While Tony Lucca may not be a name many around here are immediately familiar with, his impact on my own musically journey has been big.
I came Lucca’s music sometime in early 2002. As a 17-year-old, I was coming off my elite-teenage-rock-only-phase (I wore nothing but black for a couple of years) and was starting to venture into musical parts unknown. I managed to shrug aside my strange prejudices – that folky singer-songwriters were “old fashioned” and that anything with even a touch of country twang was “bad” – long enough to appreciate that I actually really enjoyed what I was hearing. So began not only a continuing appreciation of Lucca, but of many of the artists he’s worked with and others in the expanded world of Americana.
Lucca’s initial route into showbiz was an auspicious one: he was part of the Mickey Mouse Club that aired on the Disney channel in the U.S. during the early-90s (other alums include actors Ryan Gosling and Keri Russell). After a couple of years acting, he finally decided music was for him and in 1997 released his first album (to hear him talk candidly about those years, you need look no further than the song ‘True Story’ from his 2008 EP ‘Close Enough’).
Over the next 15-years, he went on to forge a career as a well respected and hard-working touring artist. He teamed up frequently with fellow musicians, most notably with Jay Nash and Matt Duke on a number of tours and collaboration records under the TFDI moniker (the phrase was first coined when they were out touring together and stands for “Totally Fucking Doing It”).
He had his chances at a breakthrough success, such as when he cover the great Daniel Johnston’s ‘Devil Town’ for the soundtrack of television series Friday Night Lights in 2007, but ultimately recorded contracts came and went through the years. It was with the idea of stepping his career up a level that in 2012 he auditioned for the second season of The Voice U.S. He made it through to the finale, but unfortunately his time on the programme got largely overshadowed by manufactured drama between himself and judge Christina Aguilera. Nonetheless, he got a record deal with his coach Adam Levine, although this too would end up being short-lived, much to Lucca’s relief (his frustration with the business that is the highly commercialised side of the music industry is chronicled in the song ‘Old Girl’ from his 2014 self-titled album).
Lucca has always been prolific at getting music to fans (my own mp3 collection comes in at around 300 tracks), and it’s interesting to note that he was a pre-social media early adopter of using the internet to interact and connect with people. This has continued, and in recent years he has crowdfunded albums, and also runs a Patron page.
In 2014, he made the move from L.A. to Nashville, as he chronicled perfectly at the time in ‘Nashville’: “Everybody’s packing up and going to Nashville / Everybody’s gonna try and write a song / The city of fallen angels turned to one big pile of broken wings / Now ain’t nobody know where they belong.”

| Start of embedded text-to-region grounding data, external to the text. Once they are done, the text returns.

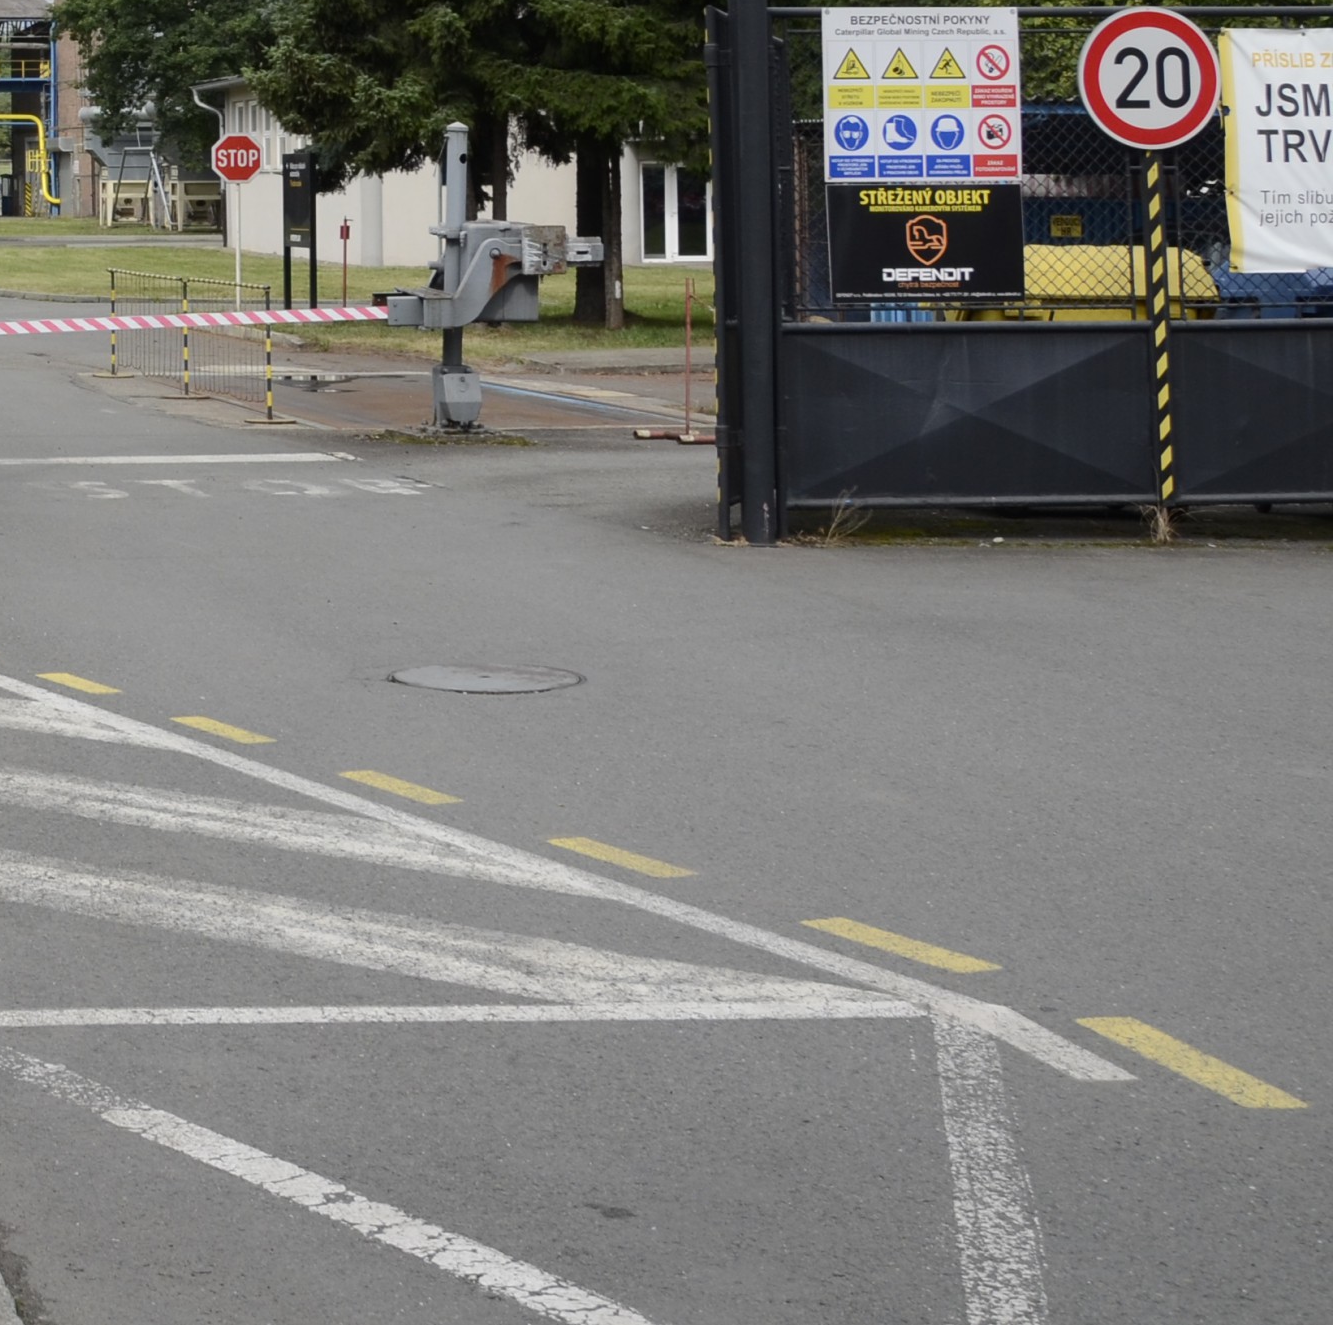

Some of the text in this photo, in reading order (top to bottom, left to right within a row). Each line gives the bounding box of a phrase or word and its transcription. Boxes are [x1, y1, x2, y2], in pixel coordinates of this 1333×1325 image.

[850, 13, 990, 25] BEZPEČNOSTNÍ POKYNY
[835, 28, 875, 37] Caterpillar
[877, 28, 902, 36] Global
[904, 28, 930, 37] Mining
[931, 28, 955, 36] Czech
[1251, 49, 1333, 69] PŘÍSLIB Z
[1113, 46, 1192, 110] 20
[1255, 83, 1331, 118] JSM
[1257, 129, 1332, 163] TRV
[217, 149, 259, 168] STOP
[859, 187, 991, 205] STŘEŽENÝ OBJEKT
[1260, 189, 1292, 205] Tím
[1259, 210, 1303, 227] jejich
[882, 268, 975, 282] DEFENDIT

In Music City, he has found a natural fit. Since the move he has been further honing his songwriting skills, playing residencies, and of course releasing new music. His latest release is ‘Ain’t No Storm’ is a relatively short album at nine tracks, but each packs a punch. “Remember that old Ride ‘em All that / Used to sit out back behind the garage / The one the old man used to call his tractor / We used to pretend we were race car drivers / Like dogs giving chase / Never could quite figure out what after,” are for me up there with the best opening lyrics of the year, managing to instantly transport you to the time and place they’re about.
I’m proud to say I’ve been following his career for 17-years and I can’t wait to see what’s to come.
The canon: These are all of his studio recordings, although he has also released various live recordings over the years, along with Kickstarter exclusives. Also available is the TFDI side project, which currently consists of one album and four EPs.
So Satisfied (1997)
Strong Words, Spoken Softly (1999)
So Far (2001)
Through the Cracks EP (2006)
Canyon Songs (2006)
Close Enough EP (2008)
Come Around Again (2008)
Rendezvous With The Angels (2010)
Under the Influence (2011)
With the Whole World Watching EP (2013)
Drawing Board EP (2014)
Tony Lucca (2014)
Made to Shine (2015)
Ain’t No Storm (2019)
Key release/s: 2006’s ‘Canyon Songs’ album is constantly solid the whole way through, but ‘The Hustler, The Widow, And The Boy From Detroit’ stands out by hitting all the right notes in terms of Americana (“Dare you look at me that way / As the clock holds our last five minutes in its hands” is up there with my favourite ever opening lines).
‘Pretty Things’ – from 2008’s ‘Come Around Again’ – is a track Lucca has cited he is especially proud of co-writing. It’s a song about the end of a relationship, but the little details within it really help to tell the story in a unique way. Plus, when he sings, “How I wish you’d come and hold me” for the last time, you really feel it.